Problem:
Please retype the line that contains "this 1344×1512 image." and all lines that follow it to the end of the entries below, exactly as they stand, with nothing added.

Source records:

------------

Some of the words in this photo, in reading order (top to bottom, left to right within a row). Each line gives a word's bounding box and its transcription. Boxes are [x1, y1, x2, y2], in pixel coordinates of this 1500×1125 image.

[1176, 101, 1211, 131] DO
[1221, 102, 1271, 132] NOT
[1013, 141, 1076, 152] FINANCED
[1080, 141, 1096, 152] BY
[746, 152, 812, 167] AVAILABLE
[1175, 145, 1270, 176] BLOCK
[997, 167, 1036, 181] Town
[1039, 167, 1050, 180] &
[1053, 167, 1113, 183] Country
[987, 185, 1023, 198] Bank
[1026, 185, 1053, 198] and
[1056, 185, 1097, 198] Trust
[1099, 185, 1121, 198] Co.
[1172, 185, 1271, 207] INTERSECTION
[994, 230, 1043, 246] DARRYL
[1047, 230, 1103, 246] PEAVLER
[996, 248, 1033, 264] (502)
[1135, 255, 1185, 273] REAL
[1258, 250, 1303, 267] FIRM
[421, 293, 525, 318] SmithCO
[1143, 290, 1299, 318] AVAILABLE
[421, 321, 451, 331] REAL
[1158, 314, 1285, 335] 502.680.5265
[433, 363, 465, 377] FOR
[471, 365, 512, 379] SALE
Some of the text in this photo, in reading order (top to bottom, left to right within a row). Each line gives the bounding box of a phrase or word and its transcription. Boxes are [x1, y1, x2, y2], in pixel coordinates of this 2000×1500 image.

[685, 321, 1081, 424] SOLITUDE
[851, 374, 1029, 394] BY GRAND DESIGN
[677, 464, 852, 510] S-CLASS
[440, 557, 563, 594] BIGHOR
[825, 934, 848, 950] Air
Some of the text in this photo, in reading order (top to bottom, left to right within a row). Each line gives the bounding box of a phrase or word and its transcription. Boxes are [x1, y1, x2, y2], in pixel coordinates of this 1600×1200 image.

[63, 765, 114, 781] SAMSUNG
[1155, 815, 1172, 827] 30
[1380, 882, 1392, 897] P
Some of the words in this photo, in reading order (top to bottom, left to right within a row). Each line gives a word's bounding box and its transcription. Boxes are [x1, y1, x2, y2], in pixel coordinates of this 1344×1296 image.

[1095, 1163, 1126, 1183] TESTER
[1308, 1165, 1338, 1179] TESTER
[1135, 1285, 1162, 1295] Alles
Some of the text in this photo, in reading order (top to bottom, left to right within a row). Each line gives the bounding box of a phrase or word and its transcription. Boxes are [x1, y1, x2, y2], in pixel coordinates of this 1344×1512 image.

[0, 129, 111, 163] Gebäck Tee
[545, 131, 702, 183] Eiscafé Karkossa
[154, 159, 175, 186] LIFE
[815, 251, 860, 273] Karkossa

------------

Solution to the problem:
Some of the text in this photo, in reading order (top to bottom, left to right within a row). Each line gives the bounding box of a phrase or word and its transcription. Boxes are [x1, y1, x2, y2], in pixel coordinates of this 1344×1512 image.

[0, 129, 111, 163] Gebäck Tee
[545, 131, 702, 183] Eiscafé Karkossa
[154, 159, 175, 186] LIFE
[815, 251, 860, 273] Karkossa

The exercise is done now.